* TASK INSTRUCTIONS: Once the images are set aside, print the remaining lines below exactly.

* RECORDS SUPPLIED:

--------------------

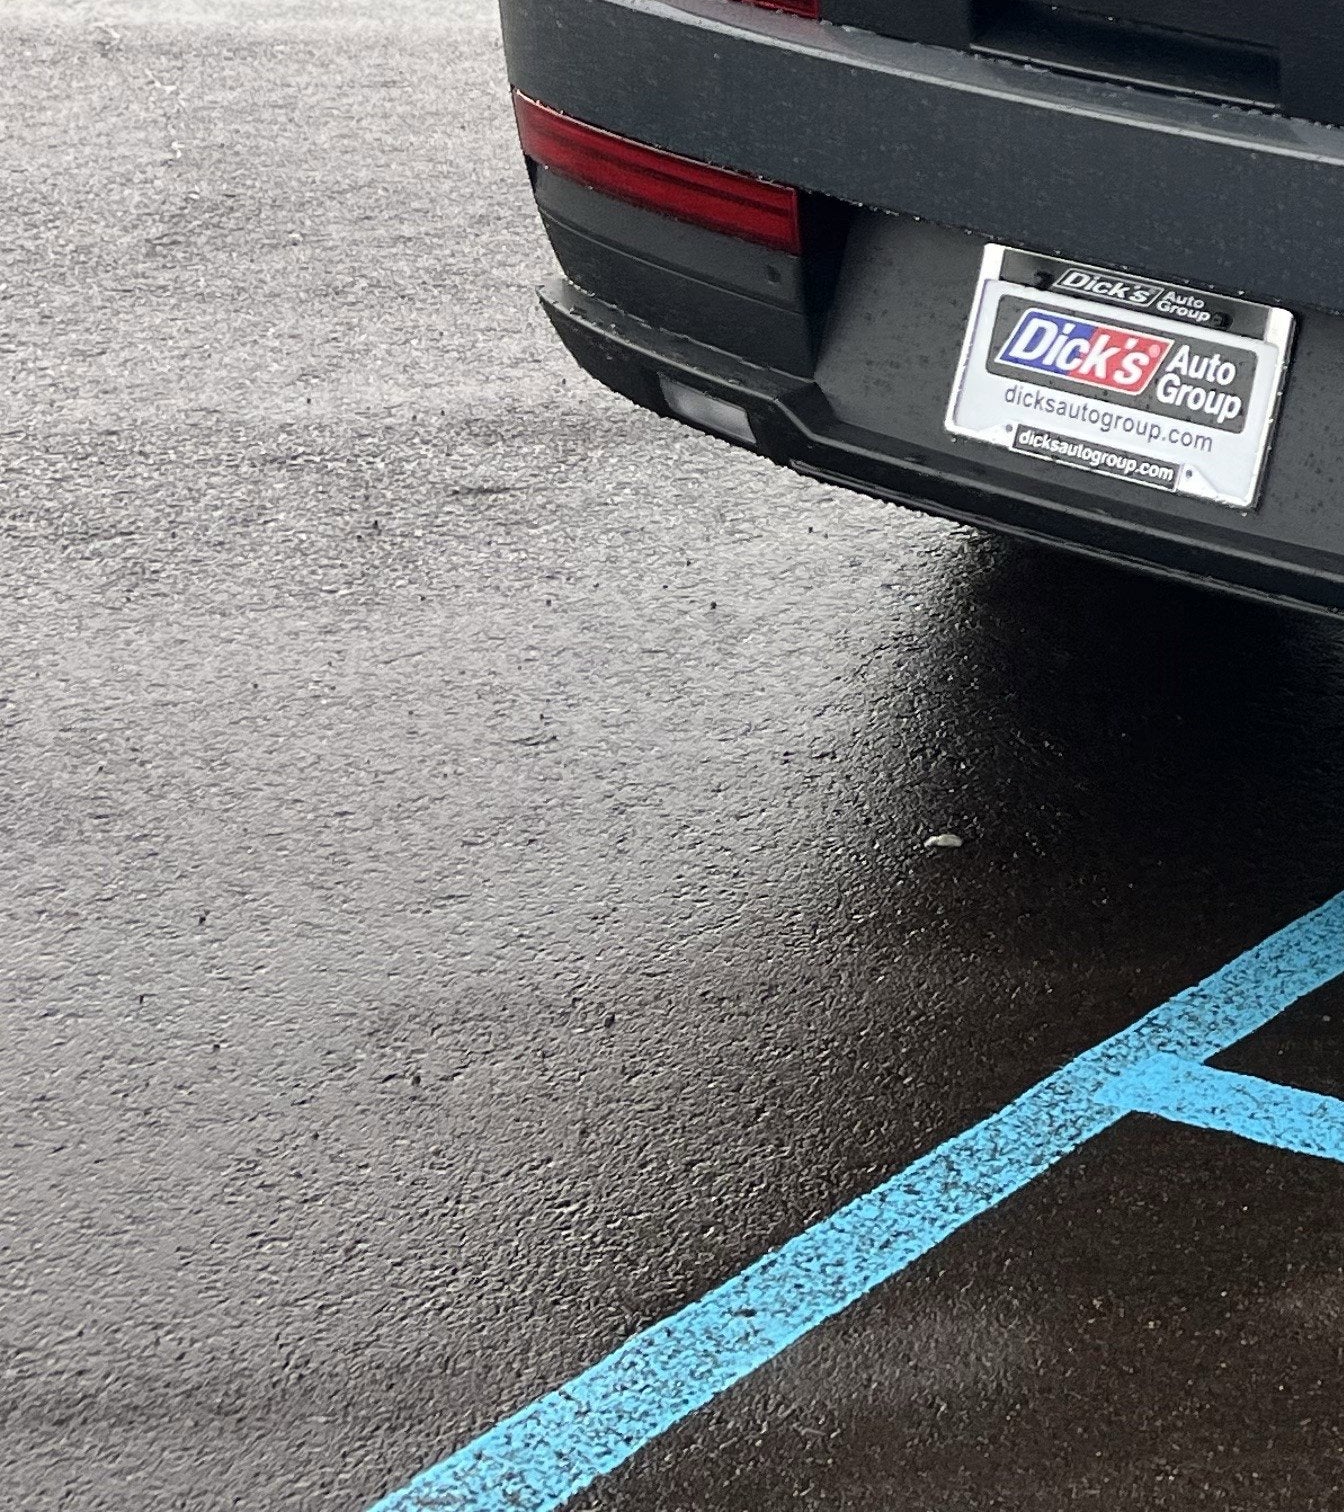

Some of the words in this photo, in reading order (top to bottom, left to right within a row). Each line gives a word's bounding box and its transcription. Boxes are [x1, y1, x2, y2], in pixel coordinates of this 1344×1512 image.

[1062, 271, 1150, 304] Dick's
[1161, 291, 1206, 309] Auto
[1156, 301, 1212, 323] Group
[1009, 317, 1152, 386] Dick's
[1165, 345, 1237, 386] Auto
[1004, 385, 1213, 453] dicksautogroup.com
[1156, 374, 1242, 424] Group
[1018, 430, 1175, 482] dicksautogroup.com
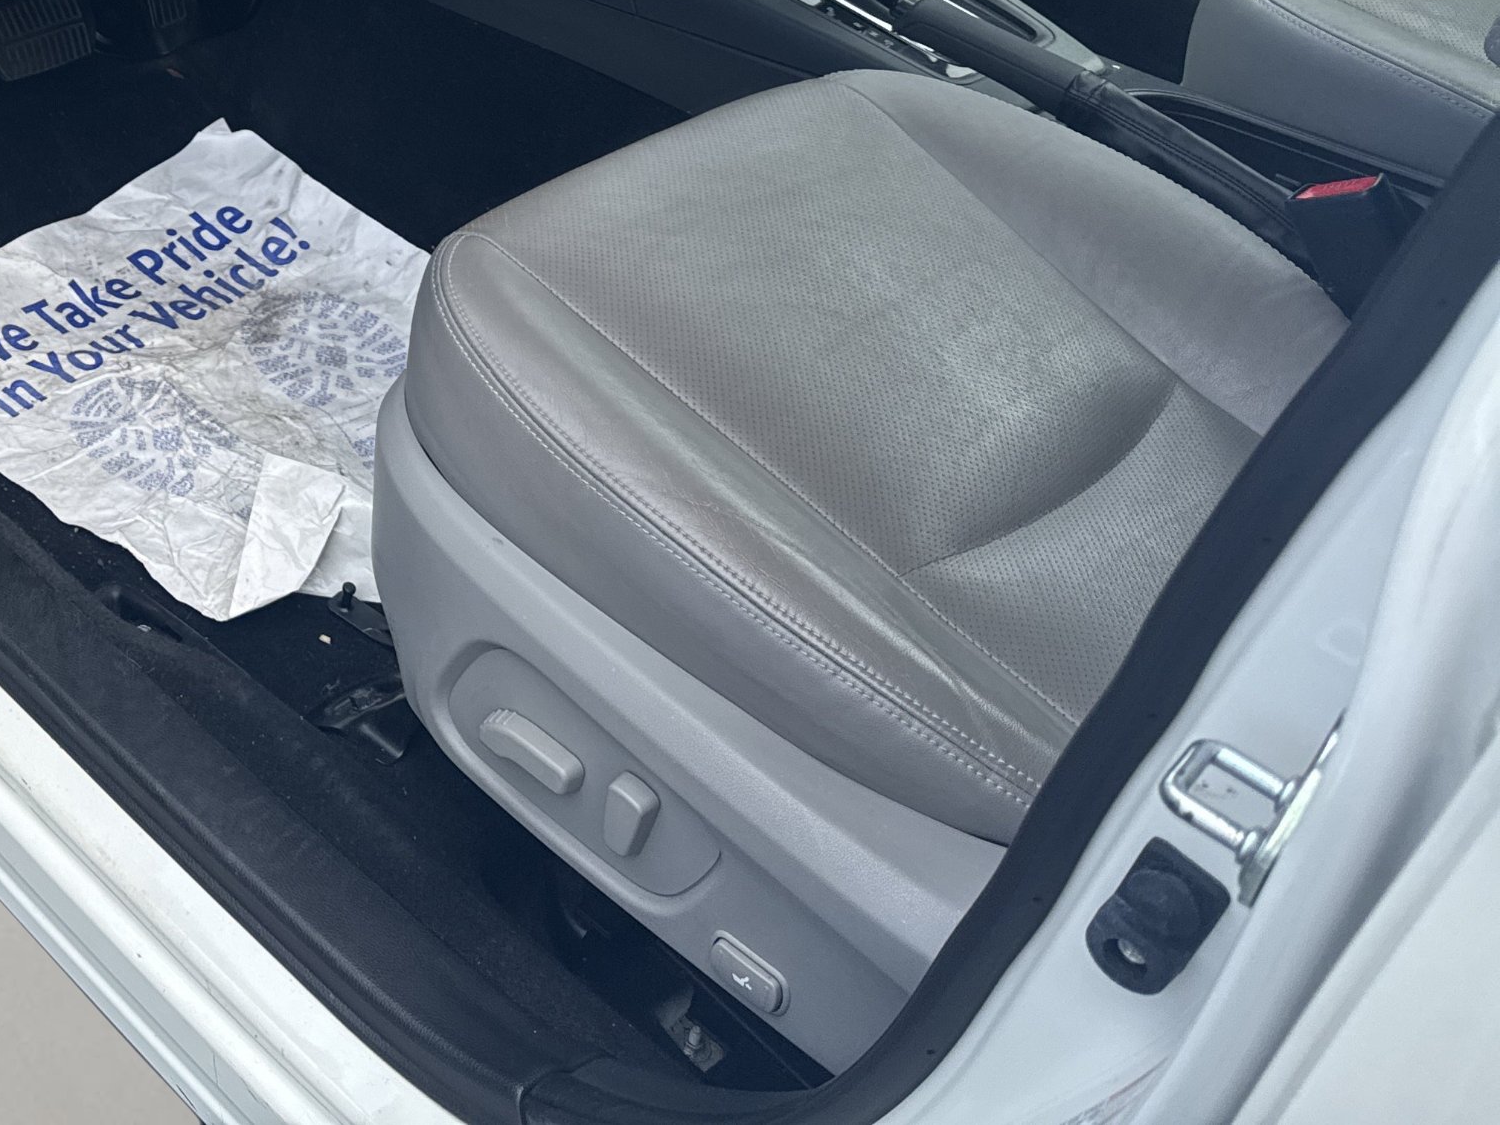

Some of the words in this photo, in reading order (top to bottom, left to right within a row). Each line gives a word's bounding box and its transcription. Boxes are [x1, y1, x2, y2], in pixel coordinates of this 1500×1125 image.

[21, 278, 142, 335] Take
[126, 205, 253, 286] Pride
[26, 324, 146, 384] Your
[128, 216, 311, 330] Vehicle!

--------------------

* EXERCISE RESULT:
Some of the words in this photo, in reading order (top to bottom, left to right within a row). Each line gives a word's bounding box and its transcription. Boxes are [x1, y1, x2, y2], in pixel coordinates of this 1344×1512 image.

[1062, 271, 1150, 304] Dick's
[1161, 291, 1206, 309] Auto
[1156, 301, 1212, 323] Group
[1009, 317, 1152, 386] Dick's
[1165, 345, 1237, 386] Auto
[1004, 385, 1213, 453] dicksautogroup.com
[1156, 374, 1242, 424] Group
[1018, 430, 1175, 482] dicksautogroup.com

Some of the words in this photo, in reading order (top to bottom, left to right within a row). Each line gives a word's bounding box and its transcription. Boxes are [x1, y1, x2, y2], in pixel coordinates of this 1500×1125 image.

[21, 278, 142, 335] Take
[126, 205, 253, 286] Pride
[26, 324, 146, 384] Your
[128, 216, 311, 330] Vehicle!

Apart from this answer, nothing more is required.